Drivers do not have to put up with such faulty roads for long, though. In fact, drivers are encouraged to report damaged roads, such as cracks or potholes, and local authorities can handle it. A state system roadway’s damage can be reported to larger agencies, and for local roads in a town or county, local authorities with jurisdiction there can be alerted. For example, a town’s road department, or that of a county. This may be done online, and a driver who experienced and/or saw damage on the road can fill out an online form describing the damage’s nature and where it was. The form may ask for particular details, such as whether the damage was in a construction zone, and may even ask in which direction the driver as going.
Solution: The Construction Industry is Here to Help
The construction industry today is truly vast, and a generous share of it is dedicated to building and fixing roads and highway overpasses. A construction crew may not act alone; in the U.S., there are 30.2 million small businesses and several companies may be brought onboard a single construction project, with each one providing different materials, equipment, and skilled workers. A city government, to name just one example, may look up construction firms who can handle this work, and compare and contrast a variety of them before making a decision. Statistics show that around 93% of all online sessions start with a search engine, and this can apply to a search for road builders, too. Contractors like these will have their own website, with articles, photos, and videos showcasing their work, not to mention ways to contact them, such as to get a quote.
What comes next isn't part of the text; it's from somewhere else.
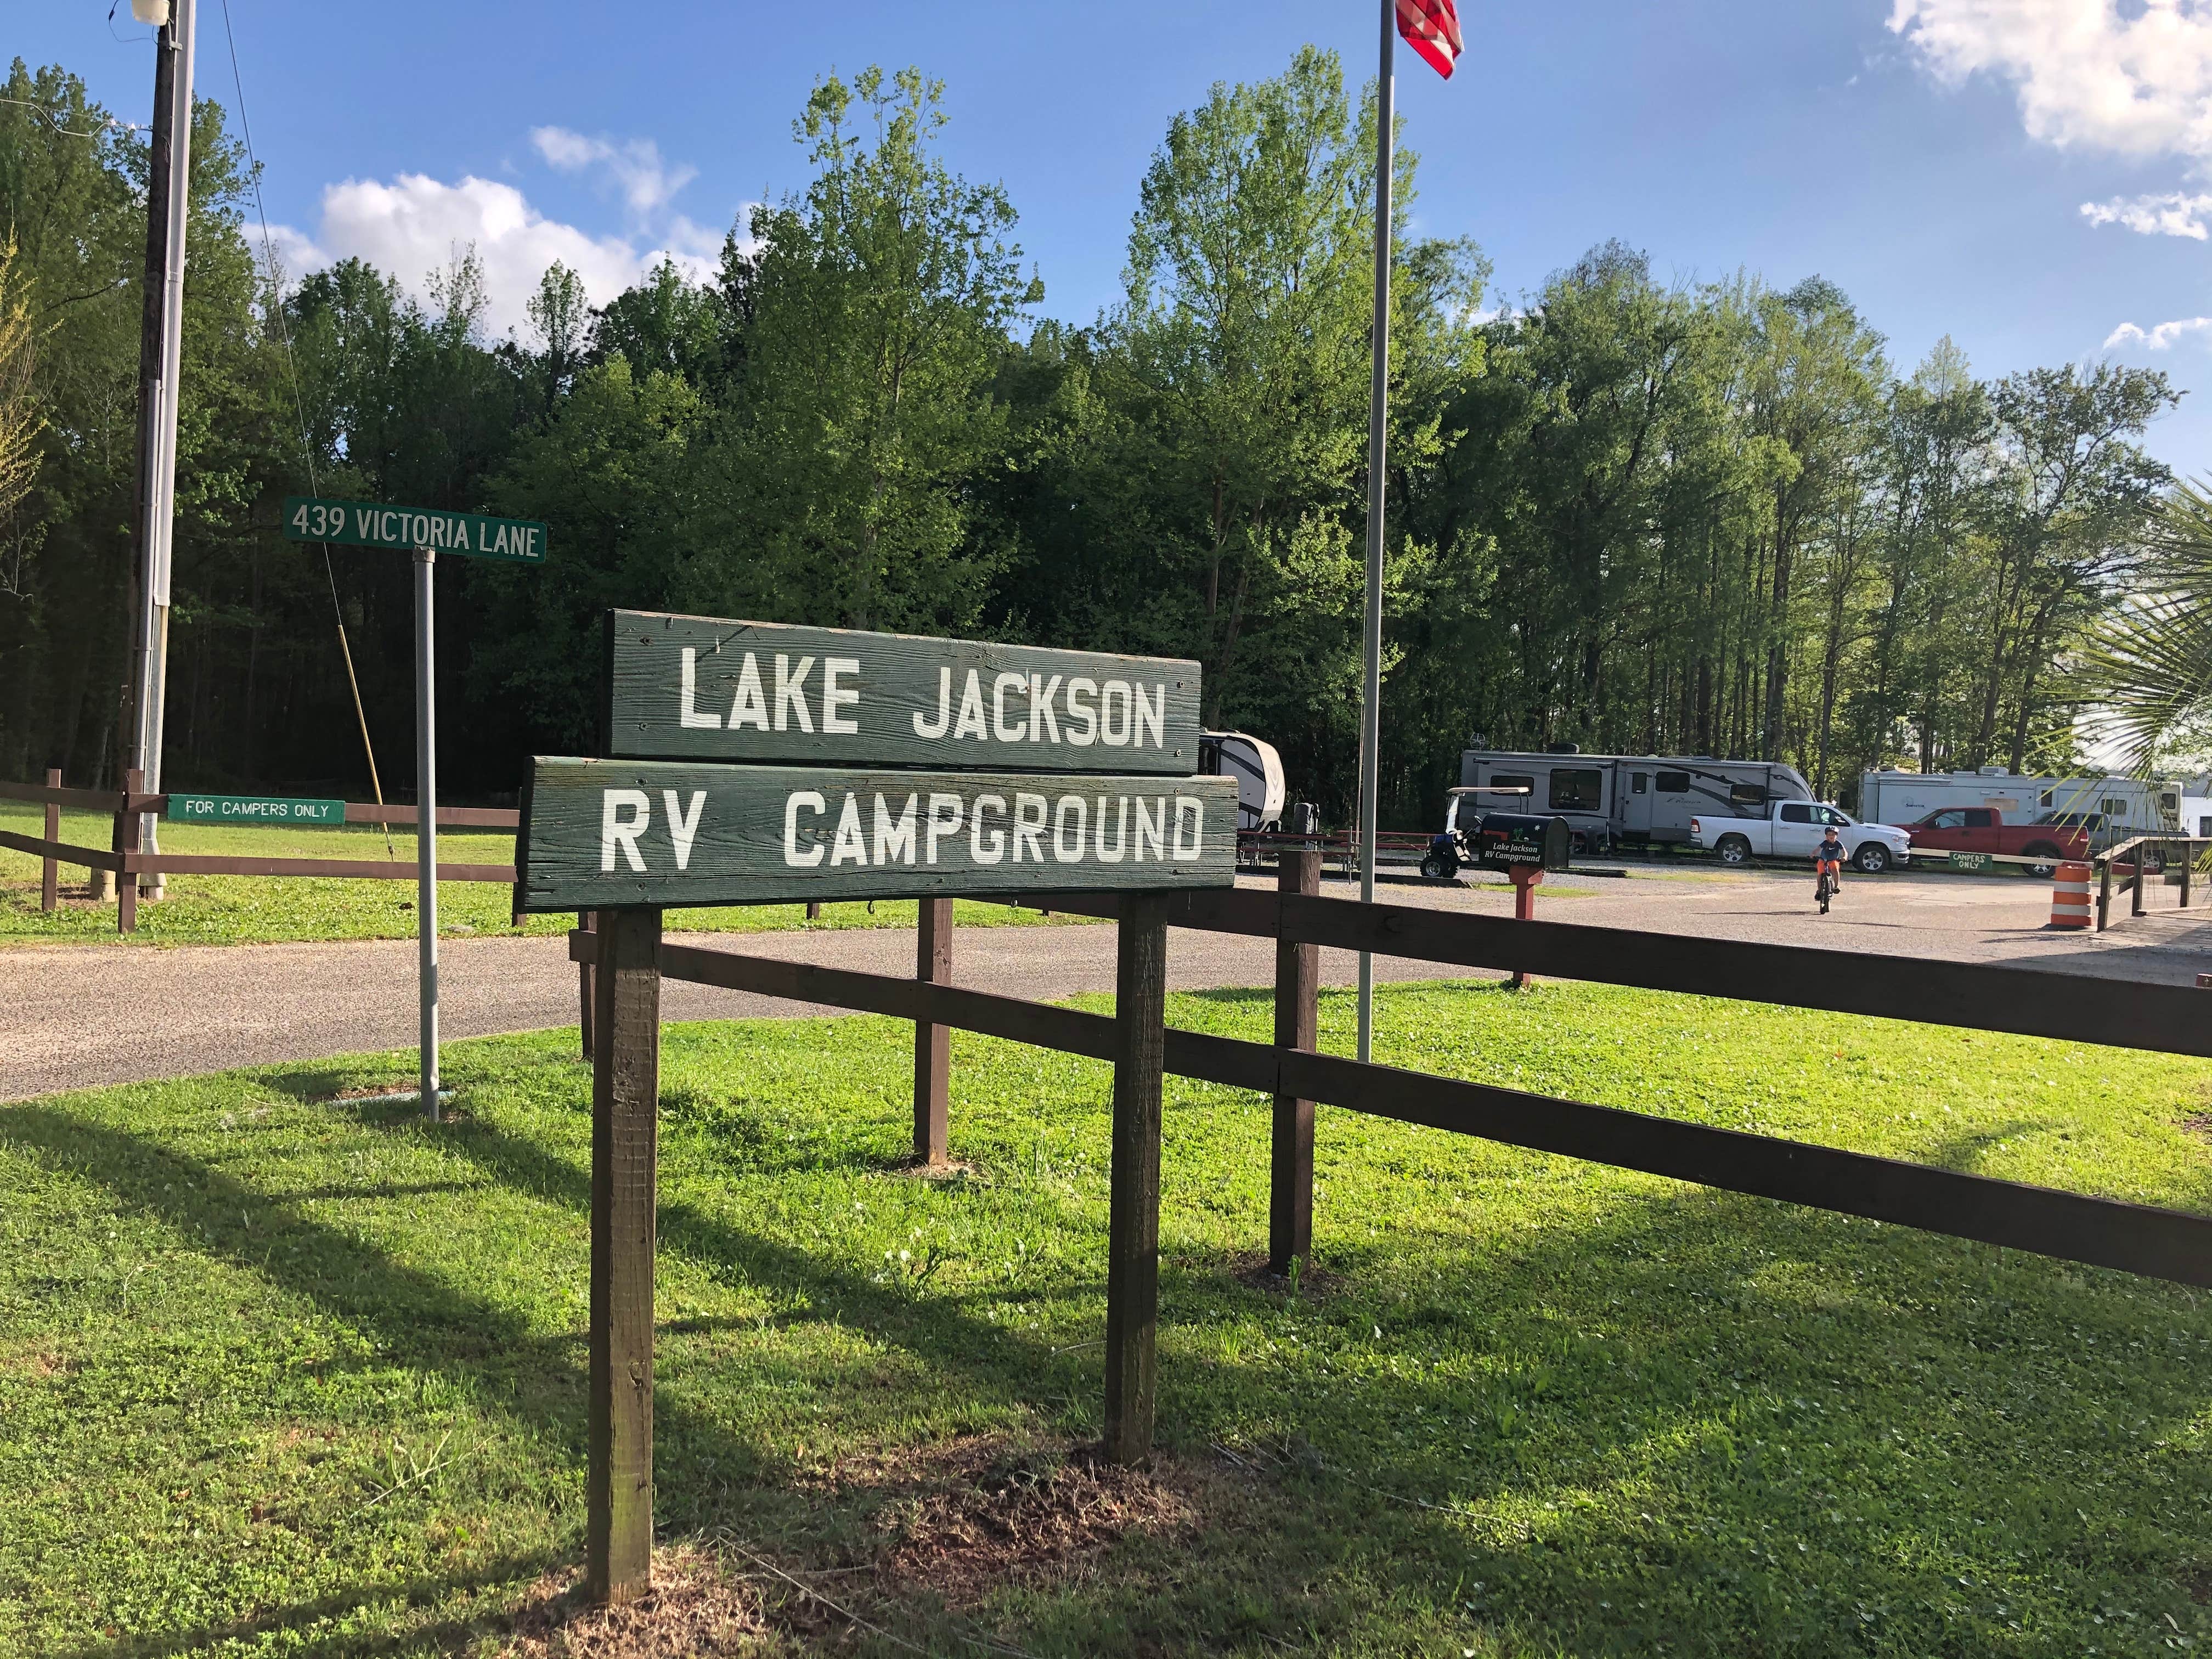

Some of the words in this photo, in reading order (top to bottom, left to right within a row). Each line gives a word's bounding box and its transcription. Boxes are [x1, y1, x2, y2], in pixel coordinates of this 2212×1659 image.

These experts can level out the ground to lay down new roads, or they can tear up and grind up worn out, shoddy roads, prepare the bare ground, then pour new, fresh pavement. Such pavement is smooth, solid, and dark, so the lines painted on it stand out clearly. There won’t be any potholes, either, nor cracks. And very old highway overpasses can be updated with fresh concrete to make them safer and more solid, and allow them to bear more weight at once (which is important, since there is now more traffic than ever). Damaged or very old safety railings can be added to roads that need them, too.
The bad news is that safe, pristine roads can never be guaranteed, and drivers must always be on the lookout for hazards that can make driving dangerous for them or nearby vehicles. But with proper vigilance and defensive driving, a driver can reduce the odds of getting into an auto accident, and they are urged to report existing damage so local repair crews can address the road’s faults right away. Infrastructure like this is vast and well-funded, but many roads are old, and watchful drivers can help make the roads safer, one mile at a time.
Louann Moss holds a Bachelor’s degree in English and Creative Writing. She currently writes for a variety of industries and can’t resist a good story when she comes across one.